(Stored entries)
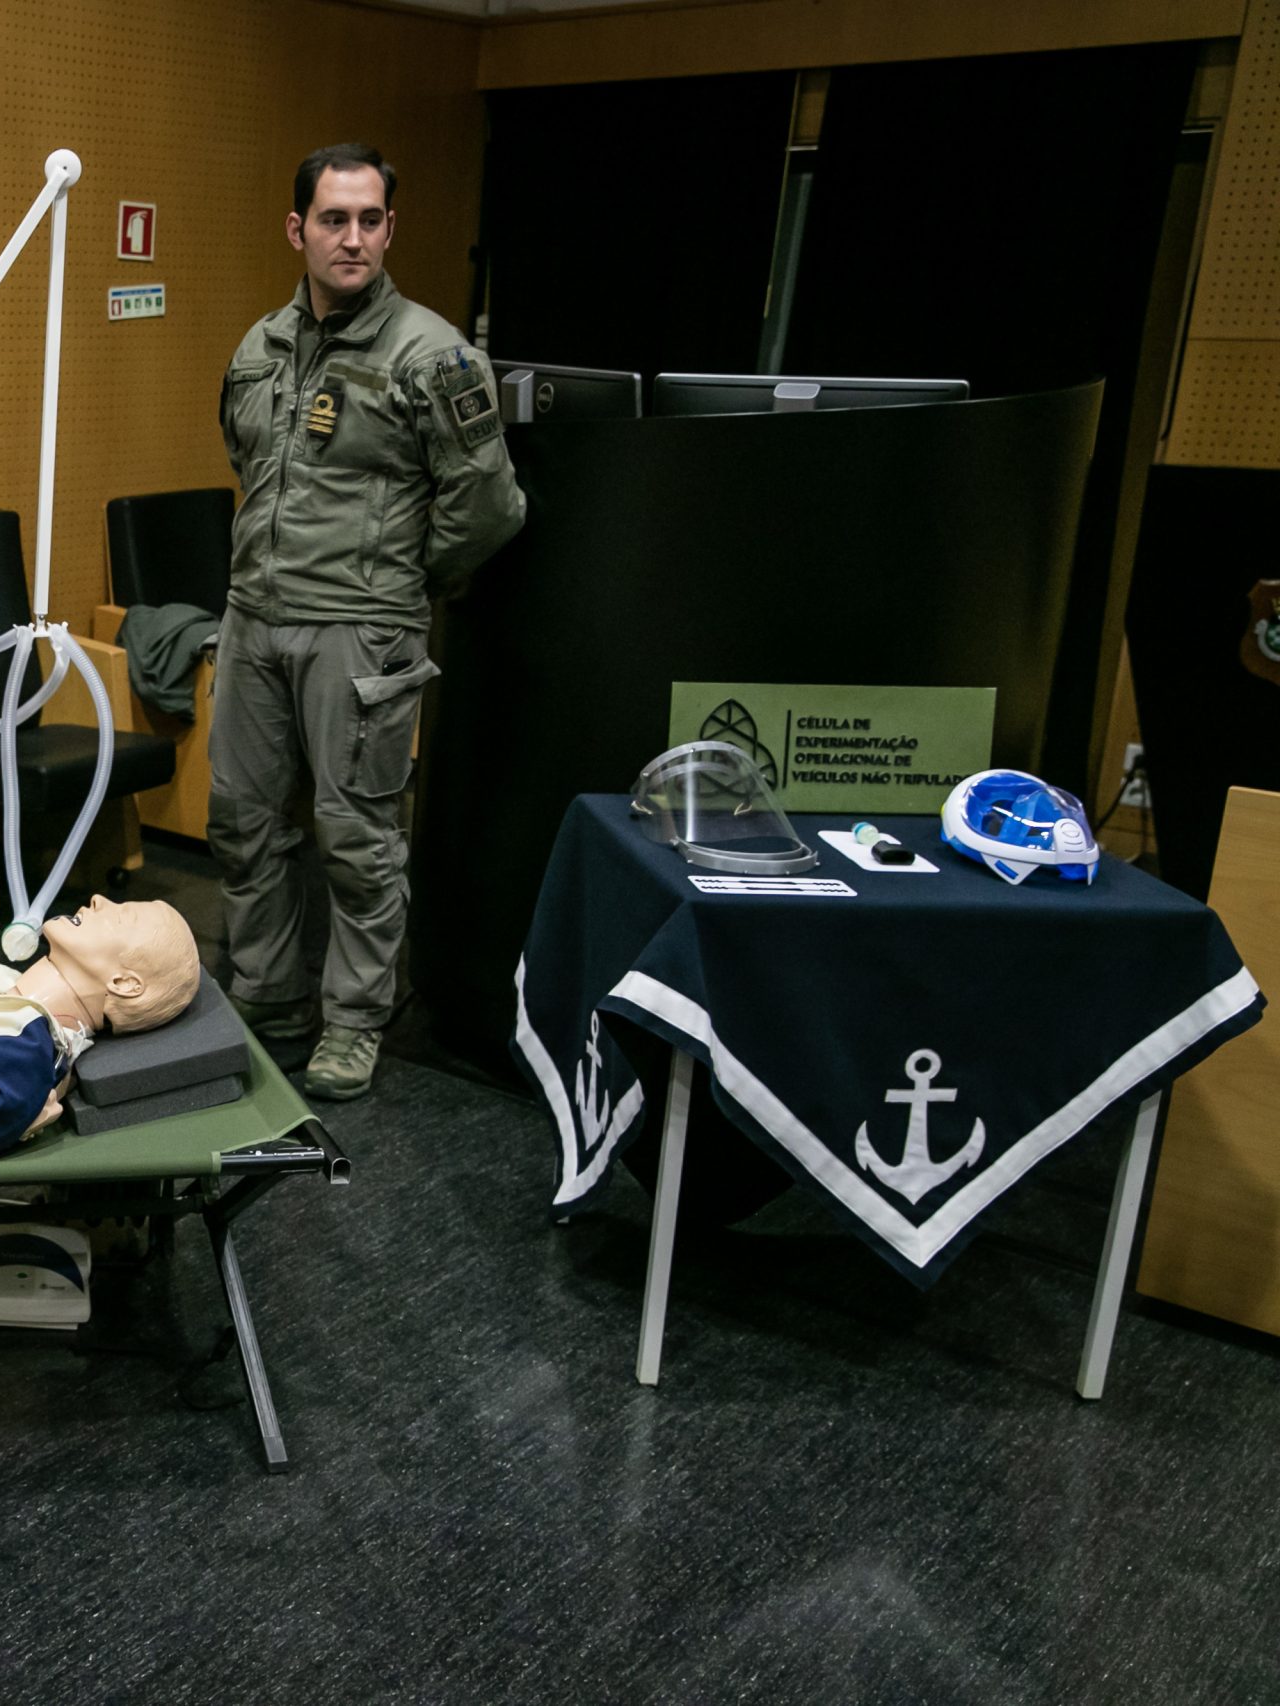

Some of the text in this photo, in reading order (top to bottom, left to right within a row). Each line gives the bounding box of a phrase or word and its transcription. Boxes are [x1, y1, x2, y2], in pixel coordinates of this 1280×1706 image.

[797, 715, 871, 730] CÉLULA DE
[795, 735, 919, 752] EXPERIMENTAÇÃO
[794, 753, 912, 767] OPERACIONAL DE
[792, 770, 858, 785] VEÍCULOS
[861, 771, 891, 785] NÃO
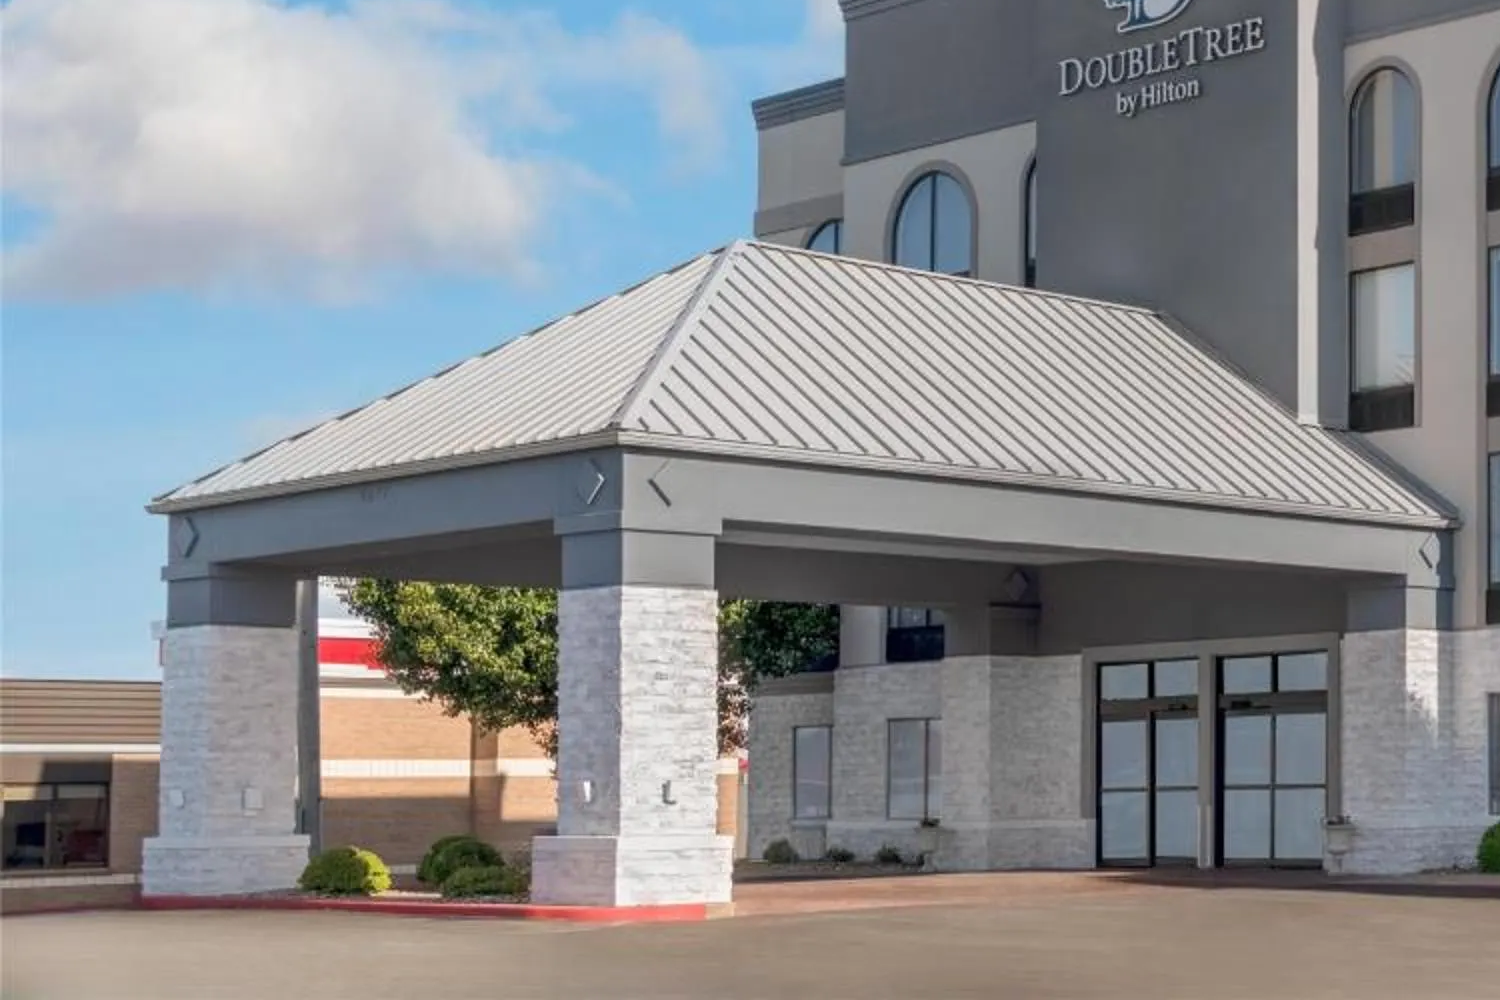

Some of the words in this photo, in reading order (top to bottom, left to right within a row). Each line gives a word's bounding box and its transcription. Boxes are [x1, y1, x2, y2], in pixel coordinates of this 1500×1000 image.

[1058, 17, 1265, 96] DOUBLETREE
[1116, 92, 1137, 117] by
[1141, 79, 1200, 107] Hilton
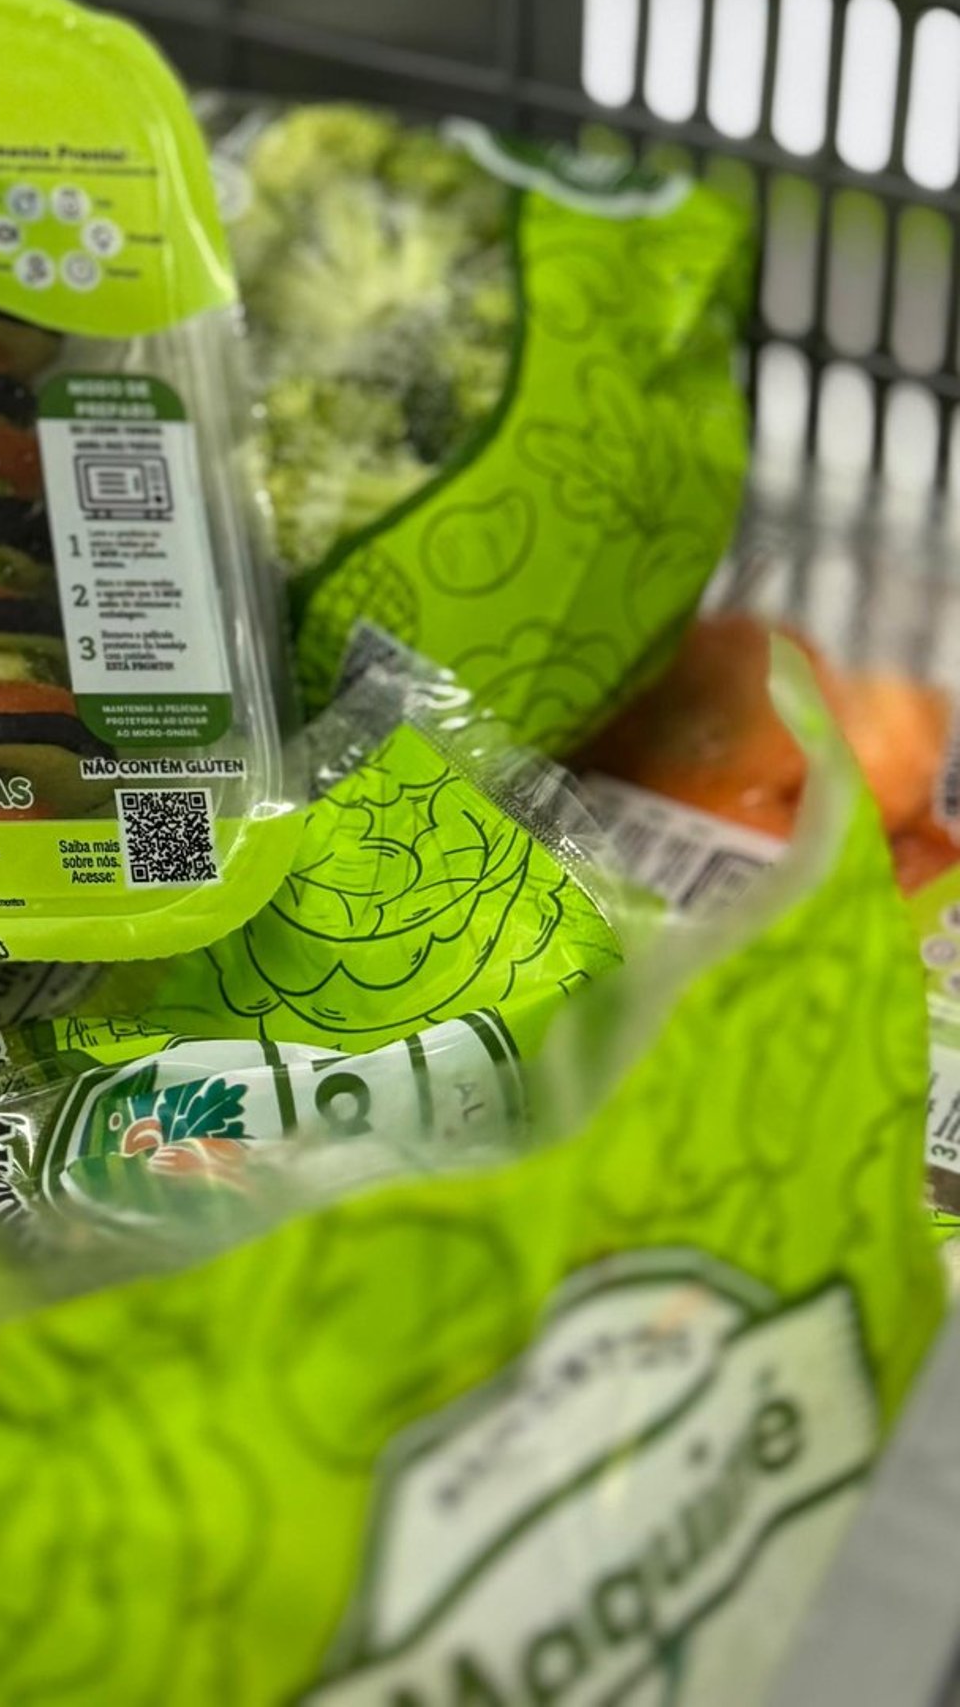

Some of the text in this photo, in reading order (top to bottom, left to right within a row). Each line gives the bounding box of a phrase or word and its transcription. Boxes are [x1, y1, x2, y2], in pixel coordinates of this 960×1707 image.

[69, 534, 82, 557] 1
[71, 584, 90, 608] 2
[78, 635, 97, 661] 3
[102, 705, 154, 714] MANTENHA
[116, 729, 130, 738] AO
[82, 757, 244, 775] NÃO CONTÉM GLÚTEN
[59, 839, 121, 853] Saiba mais
[62, 854, 122, 868] sobre nós.
[71, 870, 116, 884] Acesse:
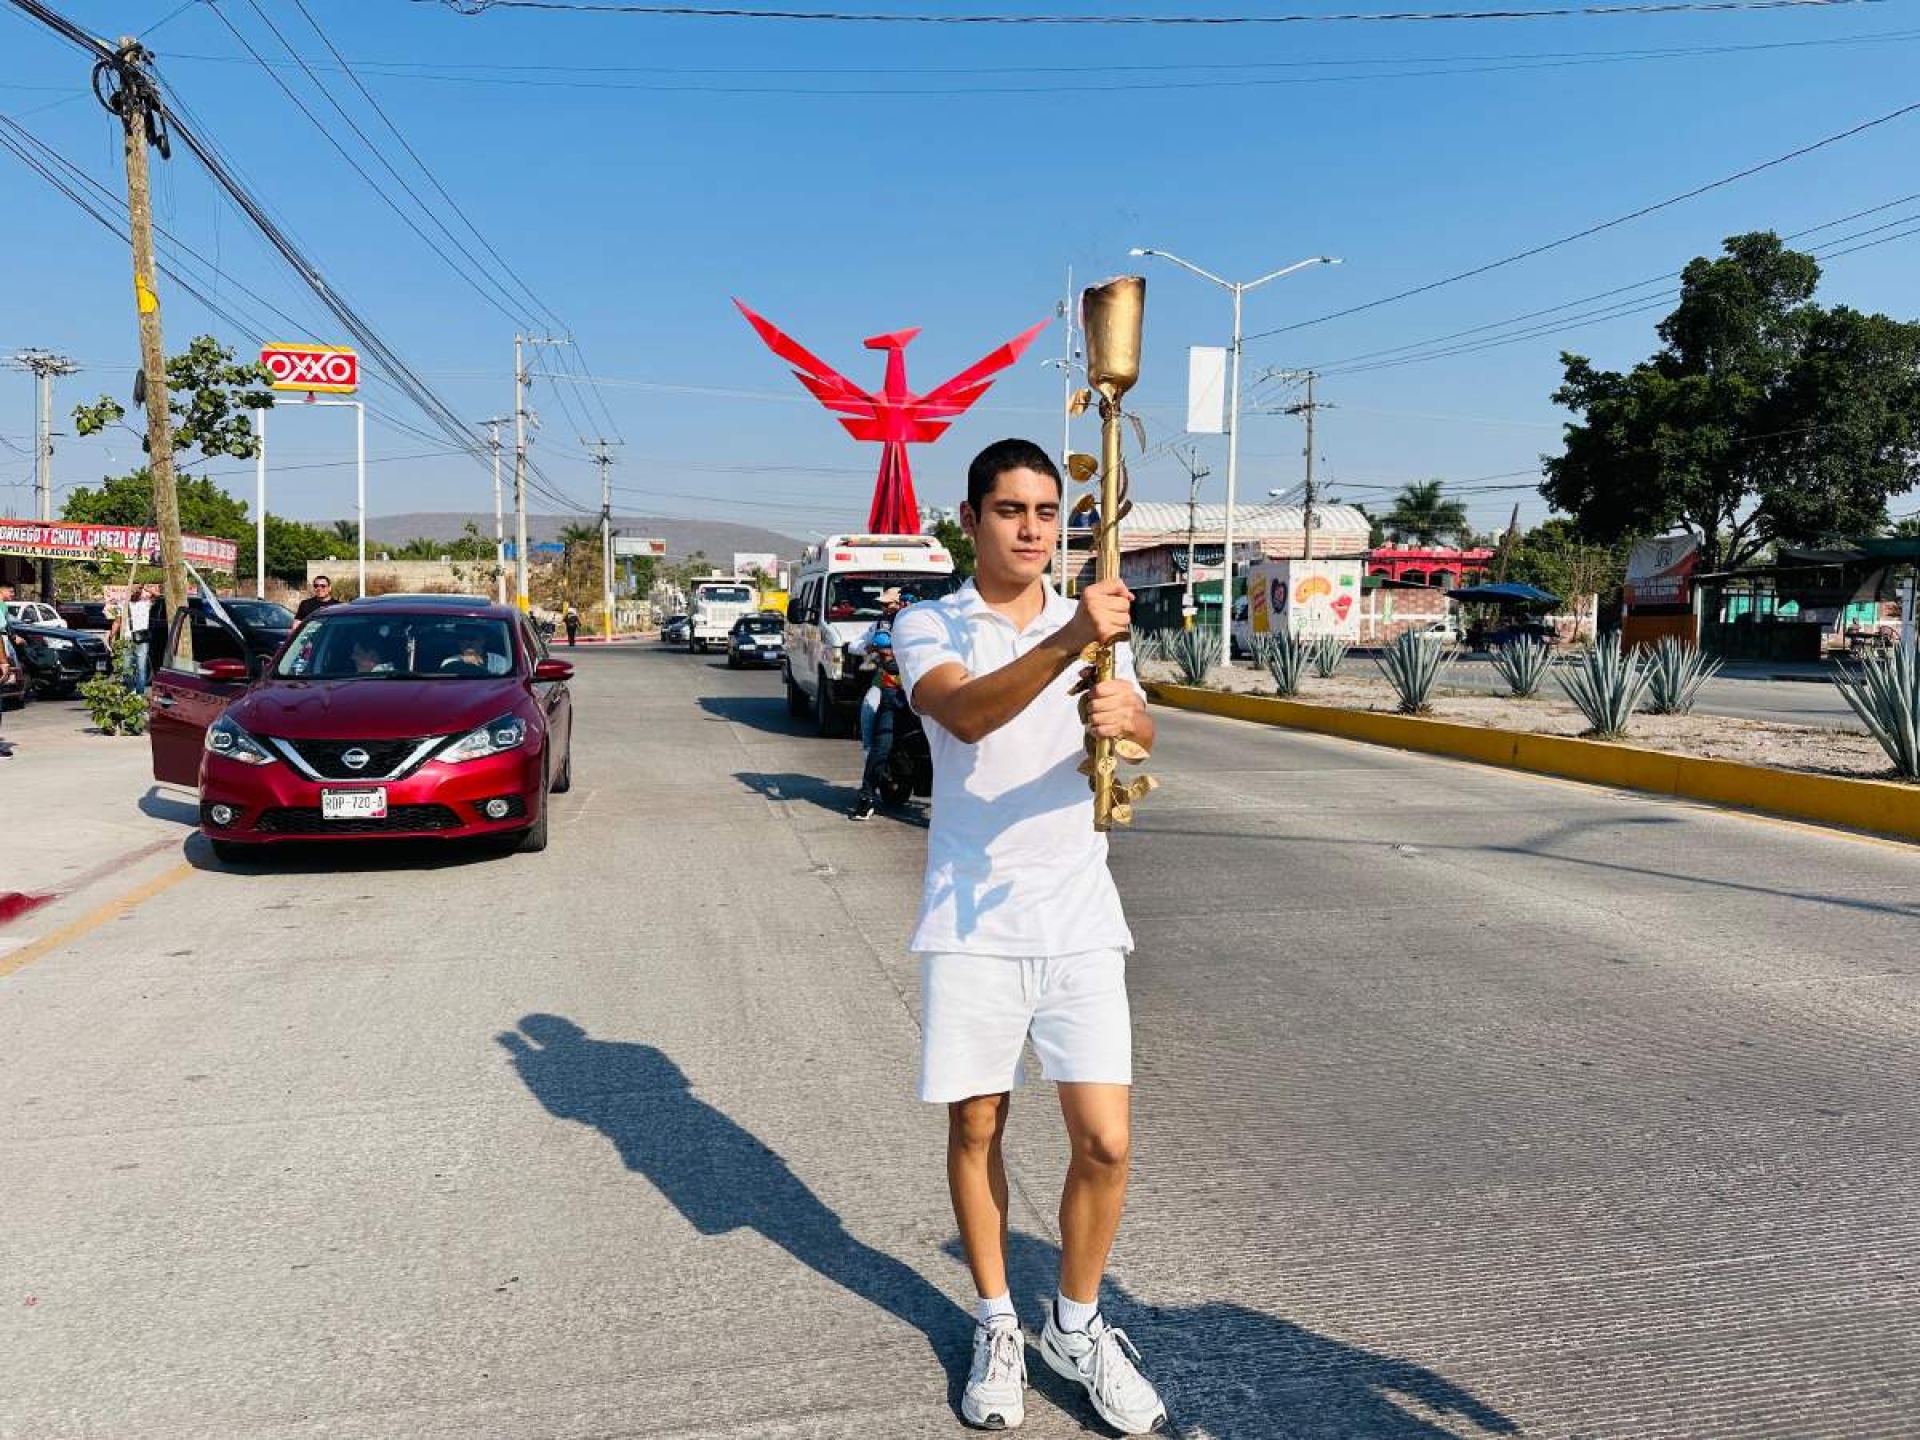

PROMPT: Write out the records above in full and exactly, with no pictures.

RESPONSE AREA:
Some of the text in this photo, in reading order (top to bottom, left to right within a row). Each line gives the bounding box of a phrase or word and its transcription. Boxes are [x1, y1, x2, y2], in pixel coordinates of this 1280×1706 image.

[797, 715, 871, 730] CÉLULA DE
[795, 735, 919, 752] EXPERIMENTAÇÃO
[794, 753, 912, 767] OPERACIONAL DE
[792, 770, 858, 785] VEÍCULOS
[861, 771, 891, 785] NÃO

Some of the words in this photo, in reading order (top to bottom, left to right within a row). Each line gives a word's bounding box and its transcription. Boxes are [x1, y1, x2, y2], in pixel coordinates of this 1500×1000 image.

[1058, 17, 1265, 96] DOUBLETREE
[1116, 92, 1137, 117] by
[1141, 79, 1200, 107] Hilton

Some of the text in this photo, in reading order (top to bottom, left to right within a row). Each line gives the bounding box of a phrase or word and its transcription. Boxes are [x1, y1, x2, y2], in pixel coordinates of this 960×1707 image.

[69, 534, 82, 557] 1
[71, 584, 90, 608] 2
[78, 635, 97, 661] 3
[102, 705, 154, 714] MANTENHA
[116, 729, 130, 738] AO
[82, 757, 244, 775] NÃO CONTÉM GLÚTEN
[59, 839, 121, 853] Saiba mais
[62, 854, 122, 868] sobre nós.
[71, 870, 116, 884] Acesse:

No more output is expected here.